Kolumbien: 69 Tote bei Absturz von Militärflugzeug C-130
Ein C-130H Hercules Flugzeug der kolumbianischen Luftwaffe ist nach dem Start in Puerto Leguízamo mit 128 Personen an Bord abgestürzt. 69 Menschen starben, was eine intensive politische Debatte über den Zustand der Militärflotte auslöste.
Schlimmste militärische Flugzeugkatastrophe Kolumbiens seit Jahrzehnten
Ein militärisches Transportflugzeug vom Typ C-130H Hercules der kolumbianischen Luftwaffe stürzte am Morgen des 23. März 2026 kurz nach dem Start vom Flughafen Caucayá in Puerto Leguízamo, Departamento Putumayo, ab. Das Flugzeug, das mit 128 Personen an Bord nach Puerto Asís unterwegs war, verlor während des anfänglichen Steigflugs an Höhe, berührte mit einem seiner Flügel einen Baum und stürzte 1,5 Kilometer von der Startbahn entfernt in den dichten Dschungel.
Bei dem Unglück kamen 69 Menschen ums Leben, 58 überlebten – 57 von ihnen wurden verletzt, 14 davon schwer – und eine Person wird vermisst. Unter den Passagieren befanden sich 113 Soldaten der Nationalarmee, zwei Polizisten und 11 Besatzungsmitglieder der Luftwaffe.
Ein gespendetes Flugzeug mit 43 Dienstjahren
Das verunglückte Flugzeug, eine Lockheed C-130H, Baujahr 1984, ausgestattet mit vier Turboprop-Triebwerken vom Typ Allison T56, wurde im September 2020 im Rahmen des Programms für überschüssige Verteidigungsgüter von der US-Luftwaffe gespendet. Im Jahr 2023 wurde das Flugzeug einer umfassenden strukturellen Überholung (overhaul) unterzogen, bei der die Triebwerke inspiziert und wichtige Komponenten ausgetauscht wurden.

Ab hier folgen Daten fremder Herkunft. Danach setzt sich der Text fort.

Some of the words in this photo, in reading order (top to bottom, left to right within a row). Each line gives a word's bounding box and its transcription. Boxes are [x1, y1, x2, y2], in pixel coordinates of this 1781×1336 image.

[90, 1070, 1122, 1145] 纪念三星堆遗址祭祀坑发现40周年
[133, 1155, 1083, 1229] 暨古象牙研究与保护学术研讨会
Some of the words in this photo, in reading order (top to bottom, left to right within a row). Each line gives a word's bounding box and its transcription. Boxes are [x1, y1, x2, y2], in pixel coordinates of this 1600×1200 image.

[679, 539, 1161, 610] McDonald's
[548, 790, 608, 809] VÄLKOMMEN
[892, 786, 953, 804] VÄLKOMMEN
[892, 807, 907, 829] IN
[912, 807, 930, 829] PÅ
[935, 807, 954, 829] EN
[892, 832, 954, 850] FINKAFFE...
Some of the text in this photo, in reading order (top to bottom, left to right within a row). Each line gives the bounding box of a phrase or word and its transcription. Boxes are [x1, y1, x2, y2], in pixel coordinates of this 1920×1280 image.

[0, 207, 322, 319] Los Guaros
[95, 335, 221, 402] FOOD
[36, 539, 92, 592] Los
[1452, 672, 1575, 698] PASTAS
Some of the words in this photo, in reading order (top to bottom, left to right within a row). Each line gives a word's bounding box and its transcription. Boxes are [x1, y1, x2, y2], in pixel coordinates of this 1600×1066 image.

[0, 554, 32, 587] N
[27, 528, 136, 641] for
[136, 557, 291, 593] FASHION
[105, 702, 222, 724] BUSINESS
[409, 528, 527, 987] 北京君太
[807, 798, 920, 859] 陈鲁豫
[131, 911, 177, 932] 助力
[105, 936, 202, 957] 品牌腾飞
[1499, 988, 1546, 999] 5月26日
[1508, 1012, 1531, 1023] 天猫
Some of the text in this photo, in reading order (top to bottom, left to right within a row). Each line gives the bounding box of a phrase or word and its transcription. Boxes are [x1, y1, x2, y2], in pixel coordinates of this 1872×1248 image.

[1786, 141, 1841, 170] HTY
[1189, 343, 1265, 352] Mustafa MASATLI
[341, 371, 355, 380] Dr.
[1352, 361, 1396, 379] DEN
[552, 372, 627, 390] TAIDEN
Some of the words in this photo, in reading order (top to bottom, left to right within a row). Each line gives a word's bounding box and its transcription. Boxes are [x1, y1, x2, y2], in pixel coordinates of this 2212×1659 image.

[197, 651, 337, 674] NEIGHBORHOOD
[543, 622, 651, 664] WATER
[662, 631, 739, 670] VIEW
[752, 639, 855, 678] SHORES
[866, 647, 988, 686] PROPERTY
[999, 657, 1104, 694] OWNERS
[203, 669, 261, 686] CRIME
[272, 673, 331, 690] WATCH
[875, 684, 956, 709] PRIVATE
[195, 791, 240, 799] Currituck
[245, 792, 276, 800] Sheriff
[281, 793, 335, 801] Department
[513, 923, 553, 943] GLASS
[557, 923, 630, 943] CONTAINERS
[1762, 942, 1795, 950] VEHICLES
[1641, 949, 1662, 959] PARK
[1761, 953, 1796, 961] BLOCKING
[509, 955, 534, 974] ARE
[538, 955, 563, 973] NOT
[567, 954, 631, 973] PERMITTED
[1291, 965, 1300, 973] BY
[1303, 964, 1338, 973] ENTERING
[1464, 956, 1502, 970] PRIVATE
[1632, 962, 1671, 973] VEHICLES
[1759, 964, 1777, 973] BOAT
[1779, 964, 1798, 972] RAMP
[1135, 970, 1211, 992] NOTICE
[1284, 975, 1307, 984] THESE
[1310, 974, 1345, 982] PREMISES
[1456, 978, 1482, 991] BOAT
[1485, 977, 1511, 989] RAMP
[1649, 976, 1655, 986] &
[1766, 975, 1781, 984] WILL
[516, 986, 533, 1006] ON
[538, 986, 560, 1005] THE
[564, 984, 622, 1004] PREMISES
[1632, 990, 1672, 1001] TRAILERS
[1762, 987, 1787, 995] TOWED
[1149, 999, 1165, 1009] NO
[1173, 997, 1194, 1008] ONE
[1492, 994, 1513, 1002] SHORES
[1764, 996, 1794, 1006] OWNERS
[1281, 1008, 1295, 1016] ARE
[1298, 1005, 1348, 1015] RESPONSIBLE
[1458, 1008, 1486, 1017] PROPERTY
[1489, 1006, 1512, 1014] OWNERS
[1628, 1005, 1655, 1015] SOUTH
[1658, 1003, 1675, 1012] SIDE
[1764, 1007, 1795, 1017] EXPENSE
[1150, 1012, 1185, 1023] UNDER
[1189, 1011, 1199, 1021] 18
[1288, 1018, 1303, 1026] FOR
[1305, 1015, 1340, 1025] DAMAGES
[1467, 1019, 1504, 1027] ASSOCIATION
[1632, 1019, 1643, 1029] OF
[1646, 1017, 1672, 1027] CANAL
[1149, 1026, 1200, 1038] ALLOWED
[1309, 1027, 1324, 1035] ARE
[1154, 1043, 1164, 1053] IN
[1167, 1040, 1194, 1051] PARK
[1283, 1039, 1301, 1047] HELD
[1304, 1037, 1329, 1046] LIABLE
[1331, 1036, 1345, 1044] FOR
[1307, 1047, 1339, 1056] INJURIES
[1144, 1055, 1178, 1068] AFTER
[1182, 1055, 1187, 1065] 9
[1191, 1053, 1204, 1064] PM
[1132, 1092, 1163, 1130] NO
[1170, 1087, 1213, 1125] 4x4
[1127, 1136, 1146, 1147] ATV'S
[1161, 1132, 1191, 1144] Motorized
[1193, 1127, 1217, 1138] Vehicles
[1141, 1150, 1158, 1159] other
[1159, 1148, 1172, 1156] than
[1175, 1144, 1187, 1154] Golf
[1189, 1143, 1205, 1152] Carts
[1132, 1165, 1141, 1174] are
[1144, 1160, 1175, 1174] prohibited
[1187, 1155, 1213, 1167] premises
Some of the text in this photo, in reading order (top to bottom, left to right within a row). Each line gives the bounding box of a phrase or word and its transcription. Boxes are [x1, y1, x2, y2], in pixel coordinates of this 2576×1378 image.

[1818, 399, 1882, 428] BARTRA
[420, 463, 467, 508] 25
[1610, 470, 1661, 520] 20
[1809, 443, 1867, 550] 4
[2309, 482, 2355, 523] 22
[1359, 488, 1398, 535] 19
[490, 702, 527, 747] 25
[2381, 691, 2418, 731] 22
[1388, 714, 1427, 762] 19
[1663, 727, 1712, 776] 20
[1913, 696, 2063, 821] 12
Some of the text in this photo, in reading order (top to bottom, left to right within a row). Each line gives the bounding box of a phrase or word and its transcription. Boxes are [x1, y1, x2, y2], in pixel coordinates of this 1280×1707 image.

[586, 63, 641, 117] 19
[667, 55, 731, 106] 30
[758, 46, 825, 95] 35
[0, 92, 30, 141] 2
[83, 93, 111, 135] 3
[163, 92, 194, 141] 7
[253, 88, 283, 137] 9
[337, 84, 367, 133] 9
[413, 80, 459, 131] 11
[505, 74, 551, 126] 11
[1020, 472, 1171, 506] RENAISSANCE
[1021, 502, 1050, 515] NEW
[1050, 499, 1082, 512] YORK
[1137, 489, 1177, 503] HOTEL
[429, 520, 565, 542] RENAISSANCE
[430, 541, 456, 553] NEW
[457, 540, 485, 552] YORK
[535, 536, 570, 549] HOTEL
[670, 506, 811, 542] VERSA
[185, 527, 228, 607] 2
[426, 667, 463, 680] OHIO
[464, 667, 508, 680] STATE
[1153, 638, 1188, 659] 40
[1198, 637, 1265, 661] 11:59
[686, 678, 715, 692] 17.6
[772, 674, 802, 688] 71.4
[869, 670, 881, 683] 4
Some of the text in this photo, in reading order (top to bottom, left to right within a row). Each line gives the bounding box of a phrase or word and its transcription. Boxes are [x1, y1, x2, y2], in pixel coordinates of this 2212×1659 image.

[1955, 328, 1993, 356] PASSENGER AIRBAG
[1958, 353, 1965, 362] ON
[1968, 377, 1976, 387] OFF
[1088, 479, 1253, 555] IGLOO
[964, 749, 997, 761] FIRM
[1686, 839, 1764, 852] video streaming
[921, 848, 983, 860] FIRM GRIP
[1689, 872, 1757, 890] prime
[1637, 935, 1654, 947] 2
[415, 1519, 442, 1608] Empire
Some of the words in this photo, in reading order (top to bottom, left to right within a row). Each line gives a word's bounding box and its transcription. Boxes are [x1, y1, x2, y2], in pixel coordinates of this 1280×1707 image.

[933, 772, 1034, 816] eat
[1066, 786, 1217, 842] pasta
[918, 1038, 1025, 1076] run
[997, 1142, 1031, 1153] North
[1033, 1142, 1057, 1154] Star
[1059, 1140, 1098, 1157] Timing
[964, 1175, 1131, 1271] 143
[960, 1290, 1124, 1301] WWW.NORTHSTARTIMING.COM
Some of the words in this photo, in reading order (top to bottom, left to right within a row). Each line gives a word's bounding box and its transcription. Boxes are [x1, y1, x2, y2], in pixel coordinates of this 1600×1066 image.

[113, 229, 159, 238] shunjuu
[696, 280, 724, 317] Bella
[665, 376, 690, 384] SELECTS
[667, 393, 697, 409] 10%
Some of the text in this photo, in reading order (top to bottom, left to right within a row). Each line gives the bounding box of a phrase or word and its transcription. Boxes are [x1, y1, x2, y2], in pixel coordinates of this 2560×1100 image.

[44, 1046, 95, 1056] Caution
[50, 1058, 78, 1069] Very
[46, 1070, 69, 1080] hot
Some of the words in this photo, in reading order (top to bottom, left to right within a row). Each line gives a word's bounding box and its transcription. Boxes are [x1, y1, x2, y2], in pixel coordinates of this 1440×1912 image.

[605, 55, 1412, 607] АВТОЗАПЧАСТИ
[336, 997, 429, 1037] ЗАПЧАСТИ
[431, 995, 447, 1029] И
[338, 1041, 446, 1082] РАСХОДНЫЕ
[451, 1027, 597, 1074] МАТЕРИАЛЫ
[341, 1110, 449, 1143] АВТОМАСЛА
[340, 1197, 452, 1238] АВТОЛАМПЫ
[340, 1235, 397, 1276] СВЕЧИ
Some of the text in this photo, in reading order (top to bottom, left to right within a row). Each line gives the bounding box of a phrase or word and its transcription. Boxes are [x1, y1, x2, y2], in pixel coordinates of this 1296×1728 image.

Das Feuer nach dem Aufprall zerstörte das Flugzeug vollständig und zündete Munition, die an Bord transportiert wurde, was zu Explosionen zwischen den Trümmern führte. Die ersten Helfer waren Einwohner der Gegend, die Überlebende aus den Trümmern bargen und Verletzte mit Motorrädern in die nächstgelegenen medizinischen Zentren brachten, wie CNN berichtete.
Politische Debatte: «Schrott» gegen «historische Zusammenarbeit»
Die Tragödie entfachte in Kolumbien eine heftige politische Auseinandersetzung. Präsident Gustavo Petro stellte die Anschaffung des Flugzeugs in Frage, bezeichnete es als «Schrott» und fragte: «Warum haben sie ein Flugzeug mit 43 Dienstjahren gekauft?». Petro versicherte, dass er bereits ein Jahr zuvor den Austausch der Hercules-Flotte gefordert habe.
Der ehemalige Präsident Iván Duque antwortete, dass das Flugzeug als Teil einer «historischen Zusammenarbeit» mit den Vereinigten Staaten gespendet – nicht gekauft – worden sei, und forderte eine gründliche Untersuchung, die das Gewicht der Ladung und die Länge der Startbahn untersuchen solle. Der ehemalige Minister Daniel Palacios bekräftigte diese Position und betonte, dass «das Flugzeug nicht gekauft, sondern gespendet wurde».
Ein von Al Jazeera zitierter kolumbianischer Luftfahrtexperte wies darauf hin, dass er nach der Überholung im Jahr 2023 nicht davon ausgeht, dass der Unfall auf mangelnde Wartung zurückzuführen ist: «Ich glaube nicht, dass dieses Flugzeug wegen fehlender guter Teile abgestürzt ist».
Laufende Ermittlungen
Verteidigungsminister Pedro Arnulfo Sánchez und General Hugo Alejandro López schlossen aus, dass das Flugzeug von illegalen bewaffneten Gruppen abgeschossen wurde. Die kolumbianischen Behörden untersuchen weiterhin die genauen Ursachen des Unglücks, das sich zum zweitschwersten Unfall in der Geschichte der kolumbianischen Luftwaffe und zum tödlichsten der weltweiten Luftfahrt im Jahr 2026 entwickelt.
Während die Familien der Opfer auf Antworten warten, ist die Debatte über die Modernisierung der kolumbianischen Militärflotte in den Mittelpunkt des Wahlkampfs gerückt und verdeutlicht die Spannungen in Bezug auf Investitionen in die Verteidigung, Zusammenarbeit mit den Vereinigten Staaten und Sicherheit der Truppen.